Work to complete - The reply must repeat the listing below exactly and carry none of its pictures.

---------- Records shown ----------

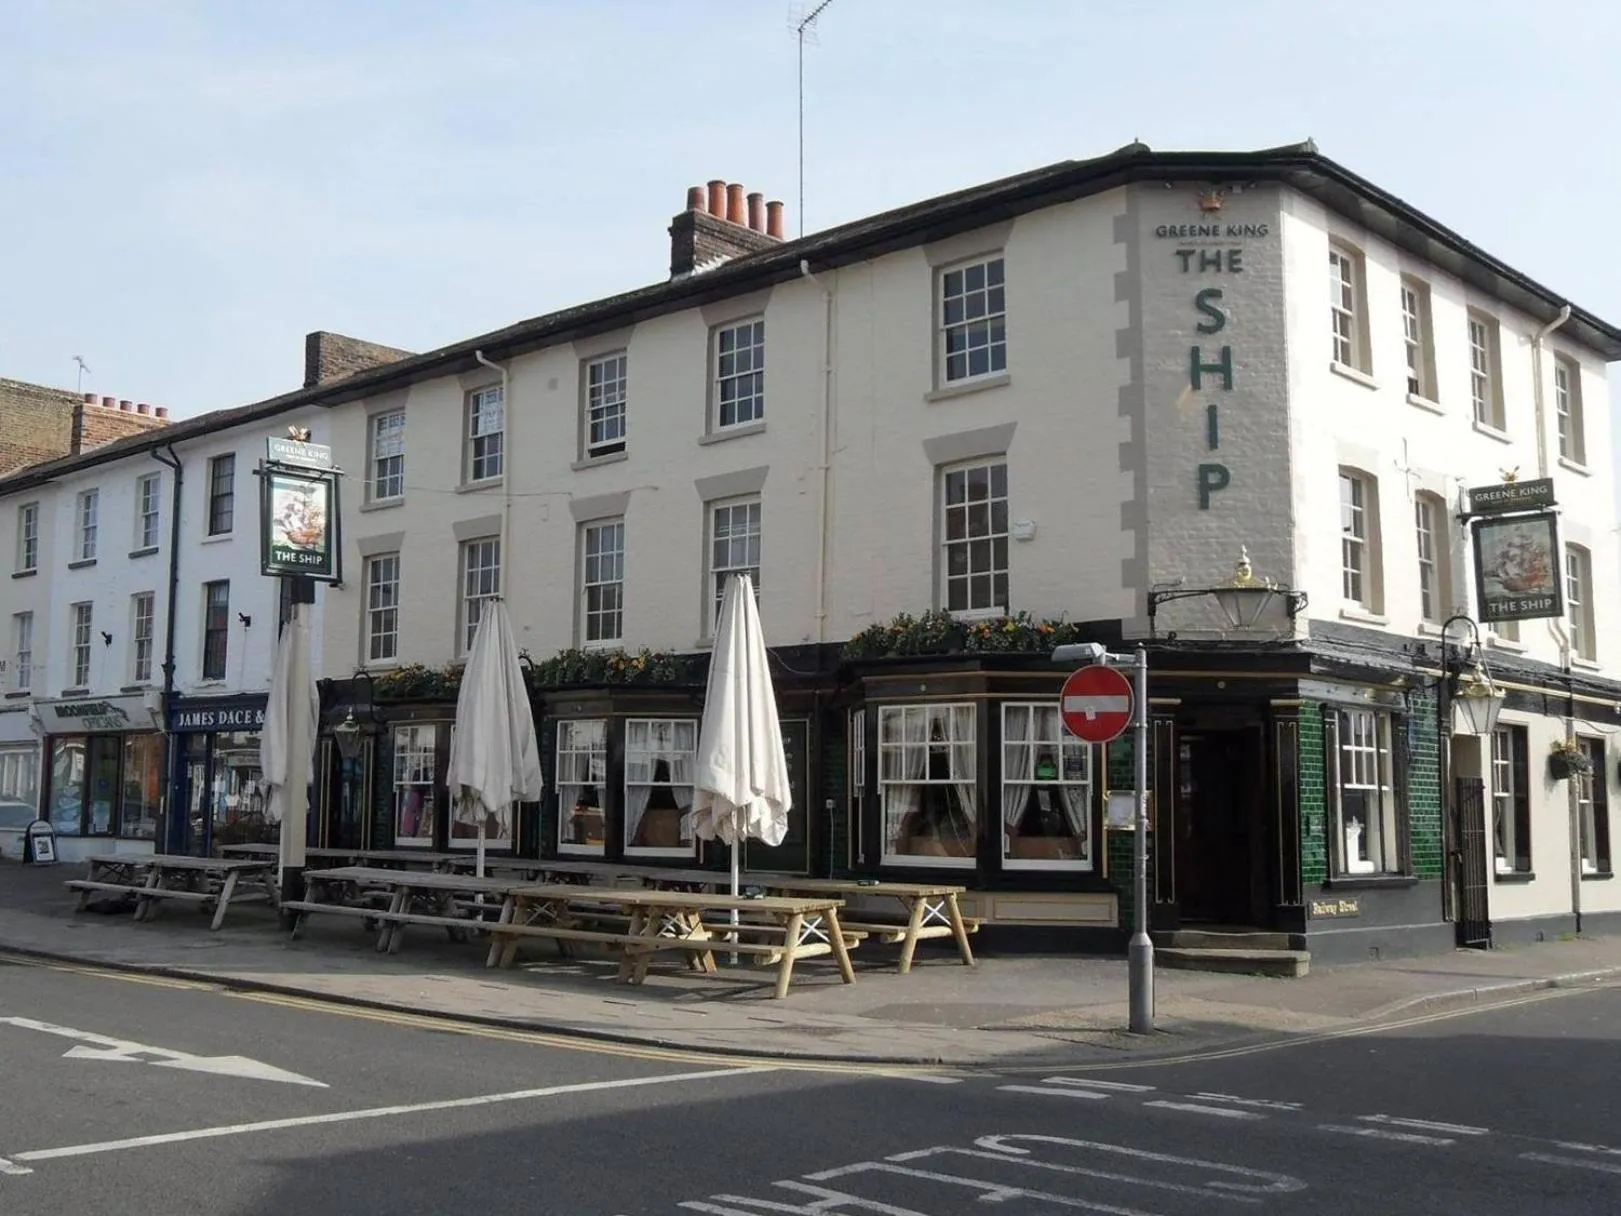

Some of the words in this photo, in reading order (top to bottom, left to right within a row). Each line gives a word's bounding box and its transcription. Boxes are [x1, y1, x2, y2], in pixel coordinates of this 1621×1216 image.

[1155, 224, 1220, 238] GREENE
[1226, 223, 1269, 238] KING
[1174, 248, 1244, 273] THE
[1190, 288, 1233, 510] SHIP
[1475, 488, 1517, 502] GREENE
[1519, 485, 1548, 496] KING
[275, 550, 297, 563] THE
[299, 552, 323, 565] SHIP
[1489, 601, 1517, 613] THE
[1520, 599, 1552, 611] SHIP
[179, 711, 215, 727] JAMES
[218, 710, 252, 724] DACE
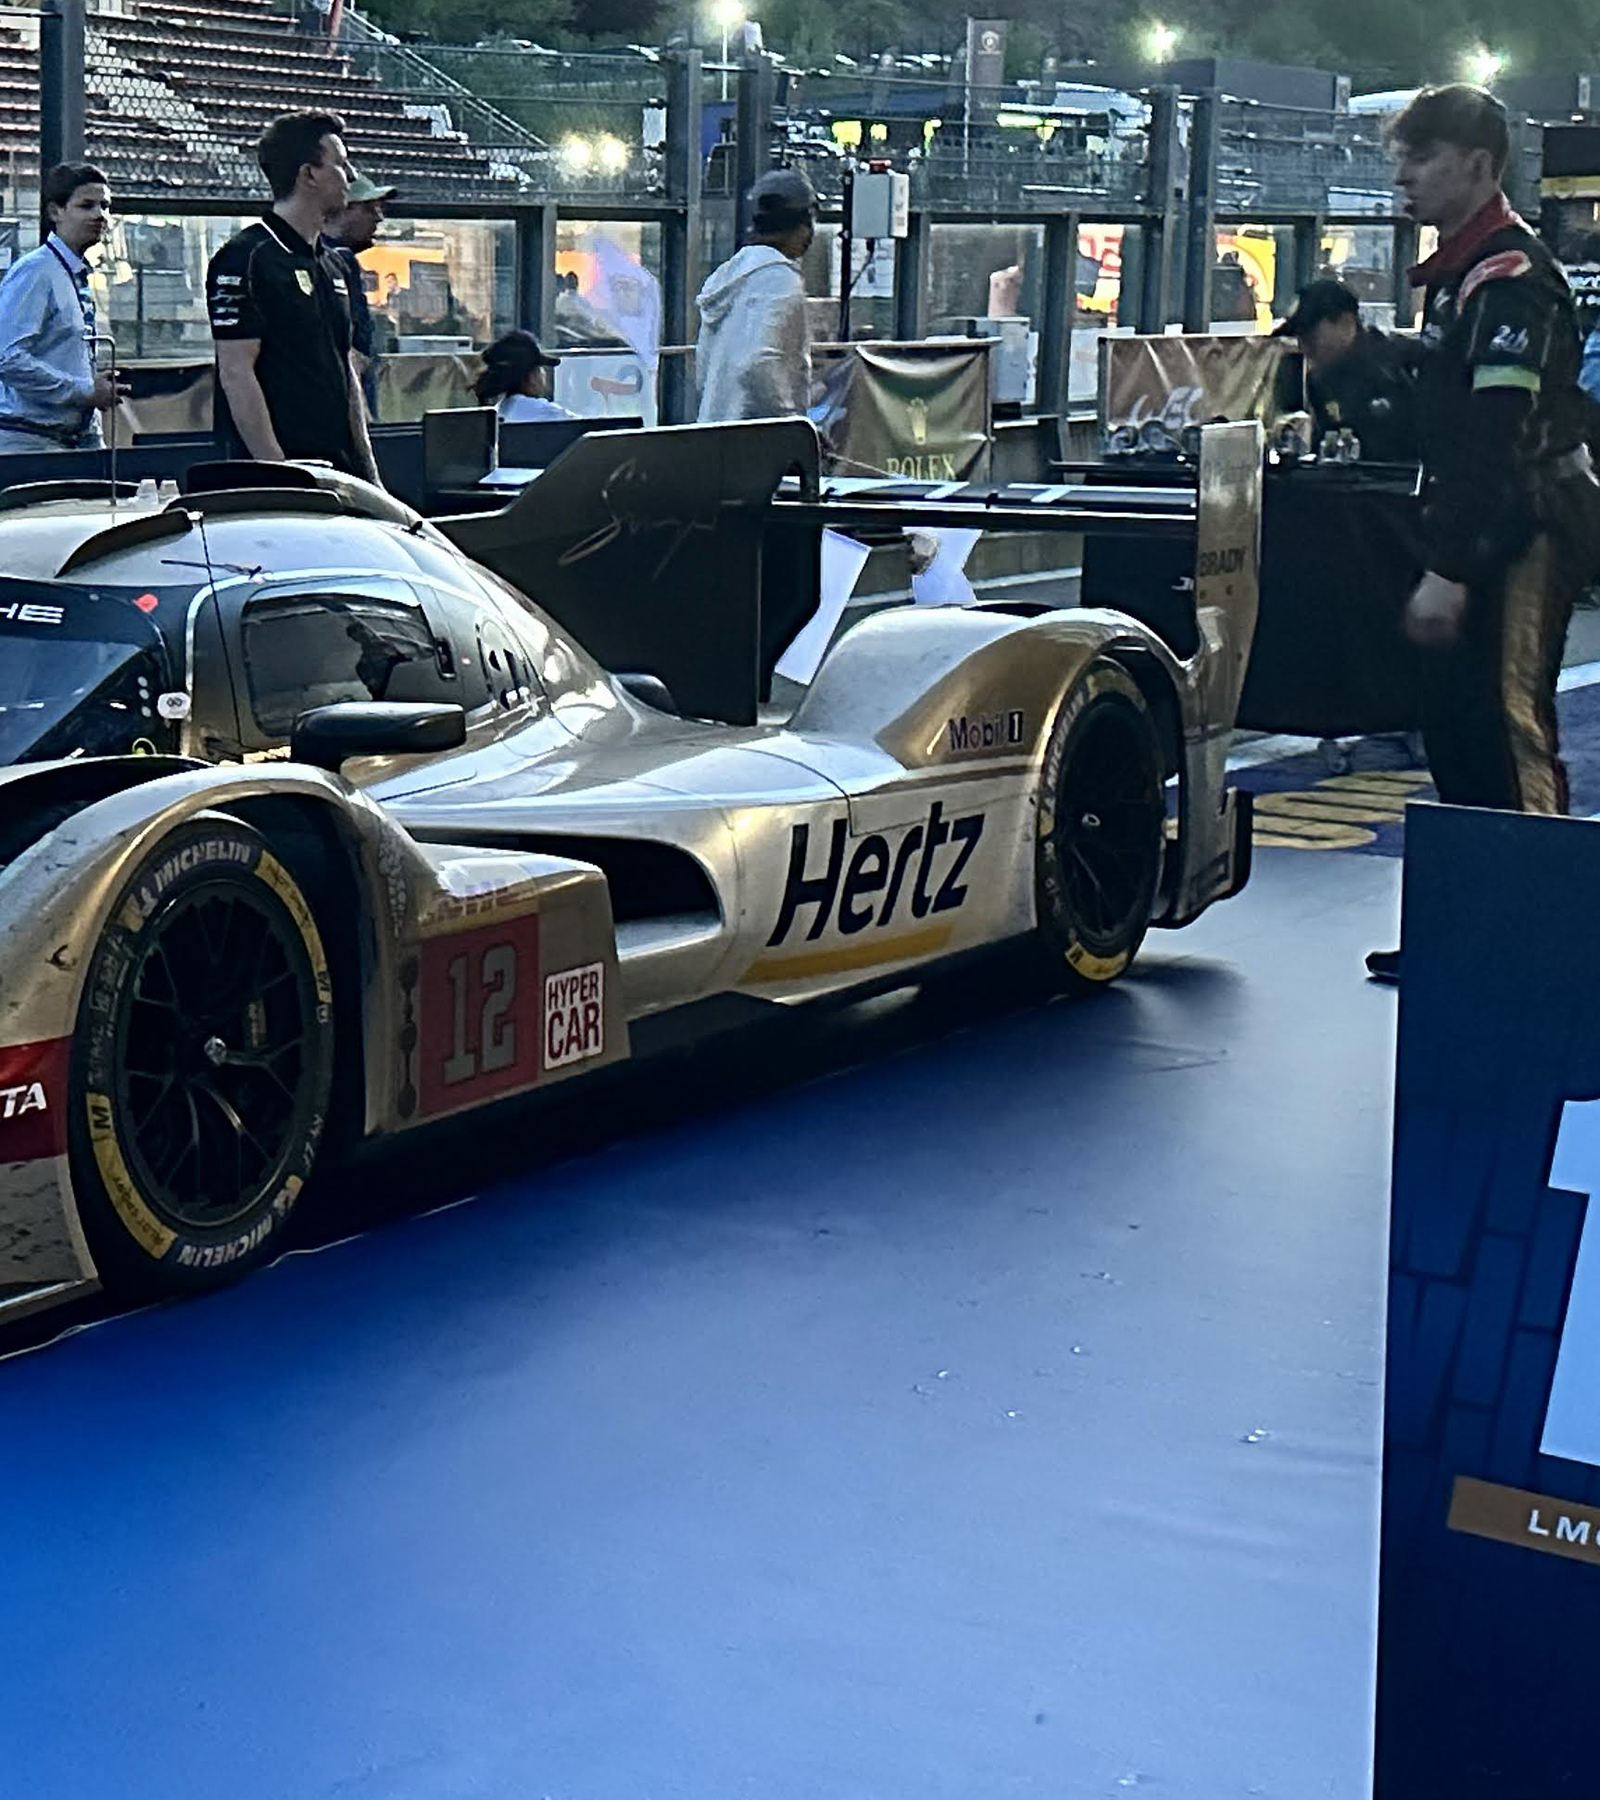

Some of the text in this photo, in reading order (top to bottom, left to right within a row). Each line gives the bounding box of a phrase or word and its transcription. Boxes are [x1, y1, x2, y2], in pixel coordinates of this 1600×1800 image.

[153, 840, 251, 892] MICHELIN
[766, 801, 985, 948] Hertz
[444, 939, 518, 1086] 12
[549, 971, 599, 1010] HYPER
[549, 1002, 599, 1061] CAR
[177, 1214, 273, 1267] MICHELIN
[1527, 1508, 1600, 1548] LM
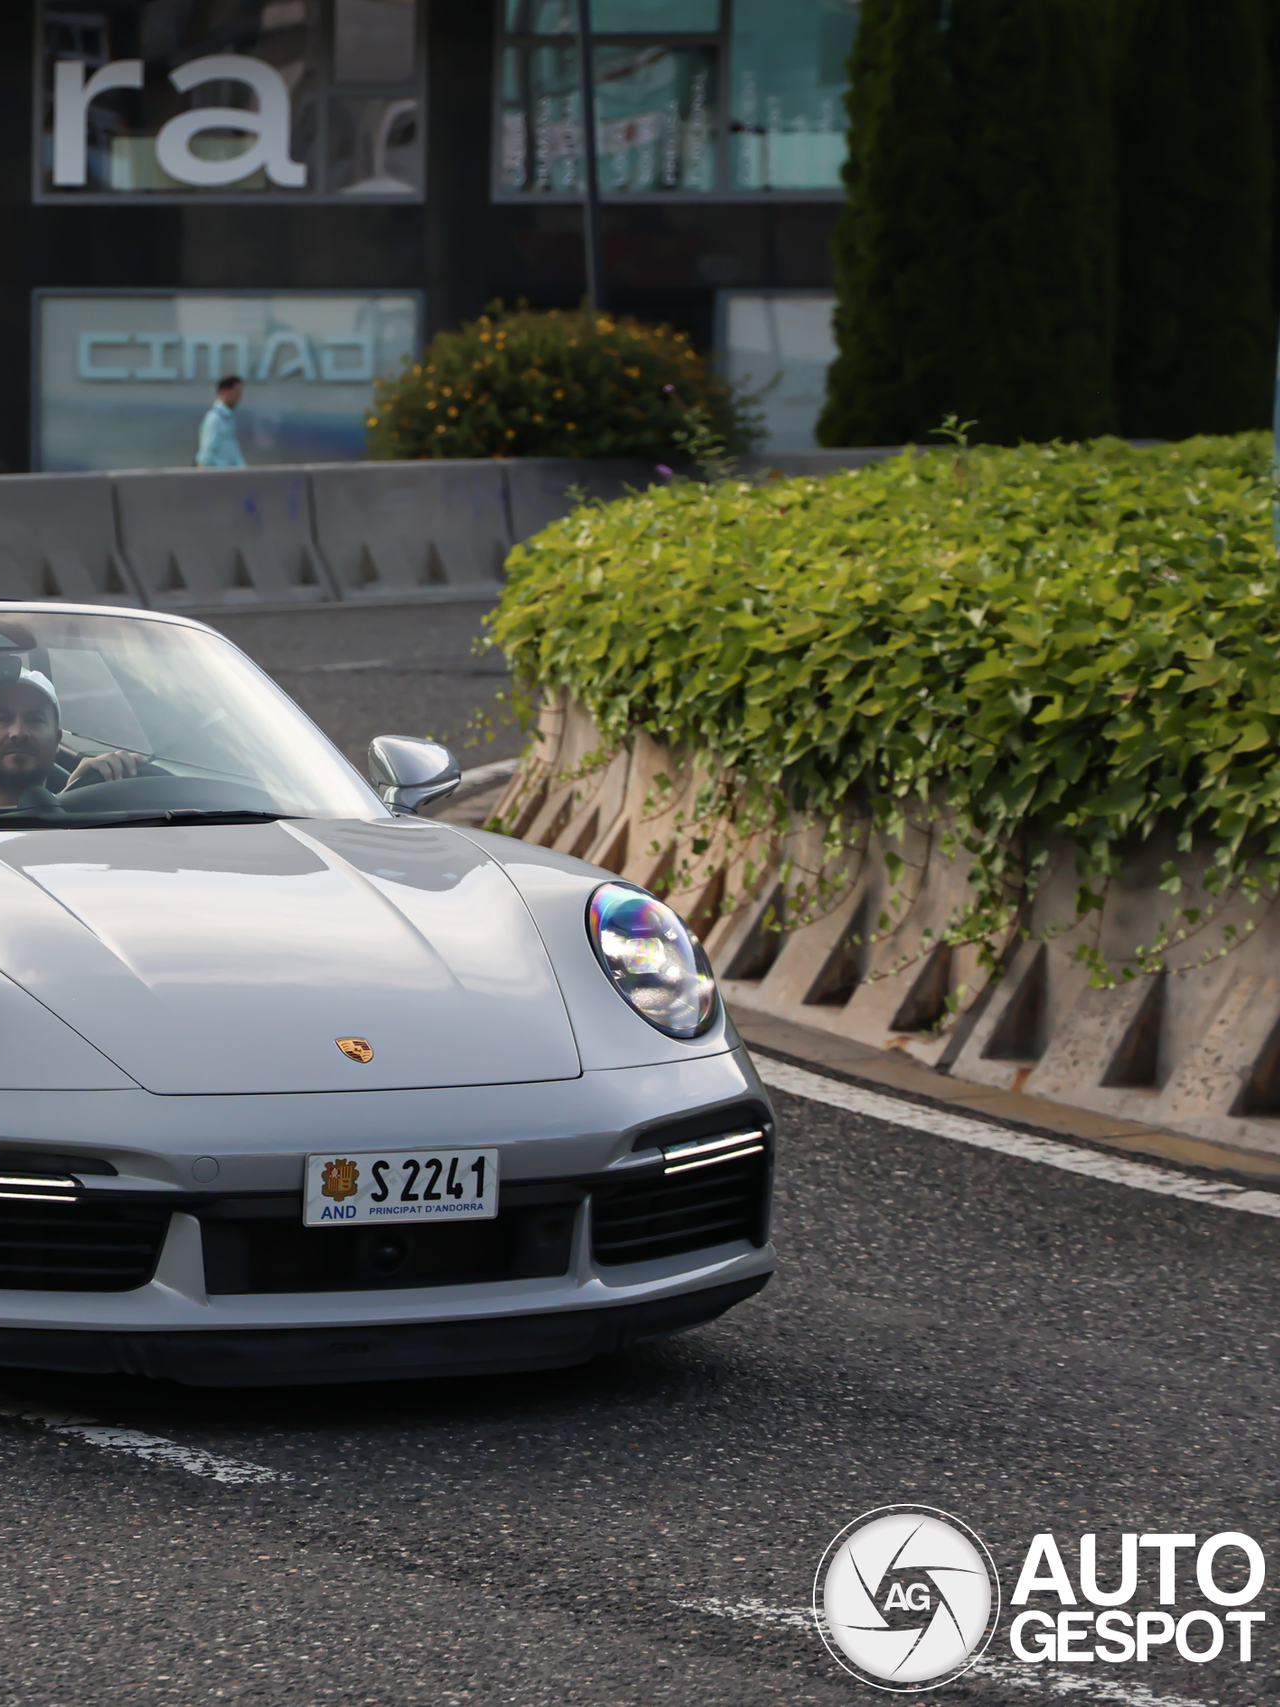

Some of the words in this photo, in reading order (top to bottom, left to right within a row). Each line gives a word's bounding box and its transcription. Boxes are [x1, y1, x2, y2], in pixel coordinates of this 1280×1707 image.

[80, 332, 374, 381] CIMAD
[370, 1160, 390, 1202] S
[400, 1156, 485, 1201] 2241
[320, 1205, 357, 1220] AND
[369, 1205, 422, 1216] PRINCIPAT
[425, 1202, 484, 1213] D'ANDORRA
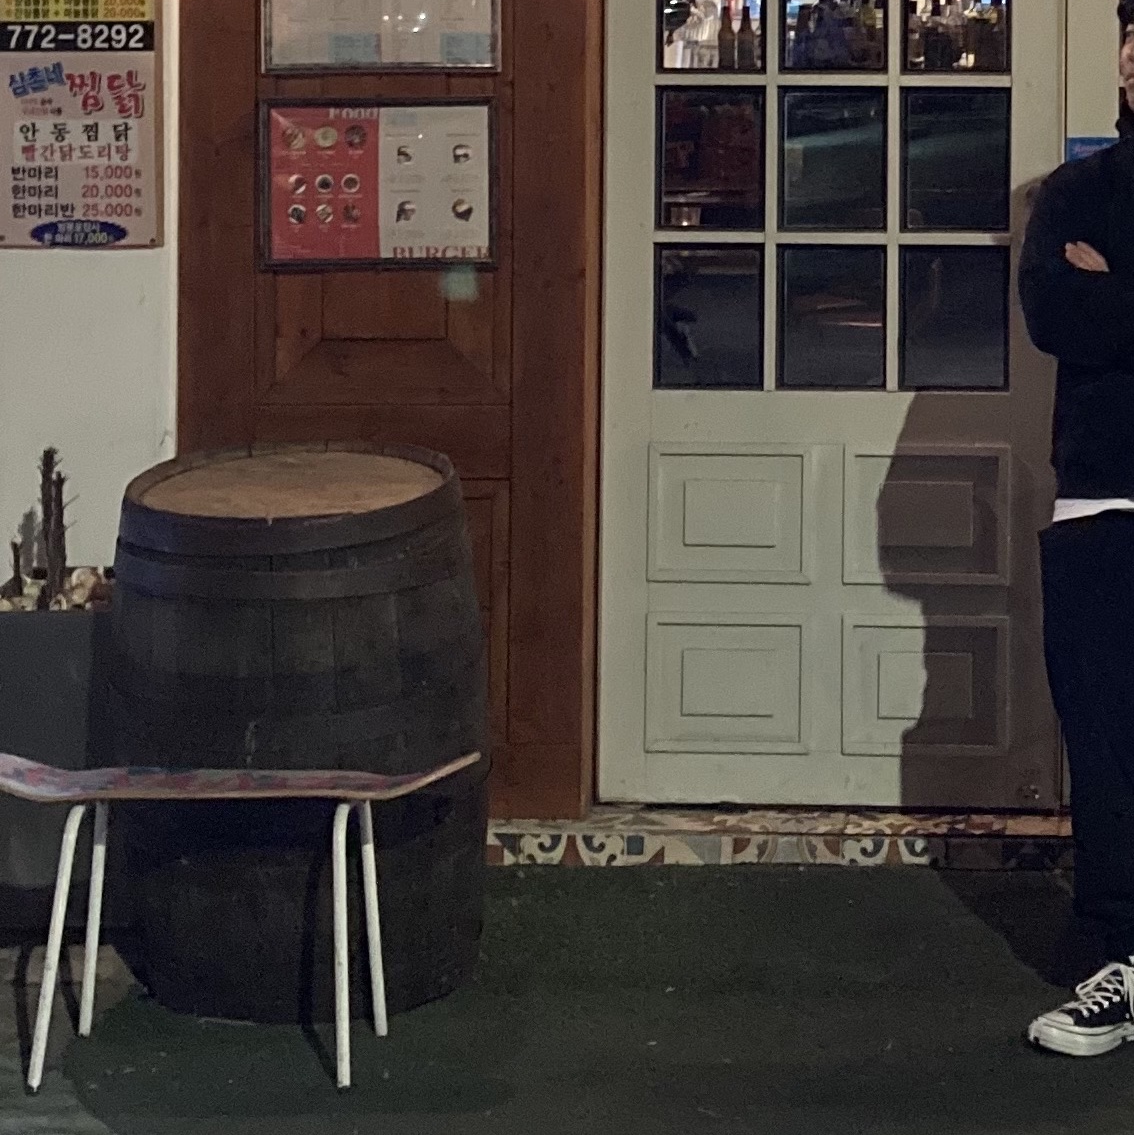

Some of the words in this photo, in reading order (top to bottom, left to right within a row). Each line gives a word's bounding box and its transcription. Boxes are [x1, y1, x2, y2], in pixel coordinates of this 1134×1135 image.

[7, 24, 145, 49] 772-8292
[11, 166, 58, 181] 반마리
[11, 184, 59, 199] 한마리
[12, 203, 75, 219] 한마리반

----------

Answer below -
Some of the words in this photo, in reading order (top to bottom, left to right within a row). Each line gives a word's bounding box and its transcription. Boxes are [x1, y1, x2, y2], in pixel coordinates of this 1621×1216 image.

[1155, 224, 1220, 238] GREENE
[1226, 223, 1269, 238] KING
[1174, 248, 1244, 273] THE
[1190, 288, 1233, 510] SHIP
[1475, 488, 1517, 502] GREENE
[1519, 485, 1548, 496] KING
[275, 550, 297, 563] THE
[299, 552, 323, 565] SHIP
[1489, 601, 1517, 613] THE
[1520, 599, 1552, 611] SHIP
[179, 711, 215, 727] JAMES
[218, 710, 252, 724] DACE

Some of the text in this photo, in reading order (top to bottom, left to right within a row). Each line gives the bounding box of a phrase or word and its transcription. Boxes are [x1, y1, x2, y2], in pixel coordinates of this 1600×1800 image.

[153, 840, 251, 892] MICHELIN
[766, 801, 985, 948] Hertz
[444, 939, 518, 1086] 12
[549, 971, 599, 1010] HYPER
[549, 1002, 599, 1061] CAR
[177, 1214, 273, 1267] MICHELIN
[1527, 1508, 1600, 1548] LM

Some of the words in this photo, in reading order (top to bottom, left to right within a row). Each line gives a word's bounding box and its transcription. Boxes are [x1, y1, x2, y2], in pixel coordinates of this 1280×1707 image.

[80, 332, 374, 381] CIMAD
[370, 1160, 390, 1202] S
[400, 1156, 485, 1201] 2241
[320, 1205, 357, 1220] AND
[369, 1205, 422, 1216] PRINCIPAT
[425, 1202, 484, 1213] D'ANDORRA

Some of the words in this photo, in reading order (top to bottom, left to right within a row). Each line gives a word's bounding box and its transcription. Boxes are [x1, y1, x2, y2], in pixel coordinates of this 1134×1135 image.

[7, 24, 145, 49] 772-8292
[11, 166, 58, 181] 반마리
[11, 184, 59, 199] 한마리
[12, 203, 75, 219] 한마리반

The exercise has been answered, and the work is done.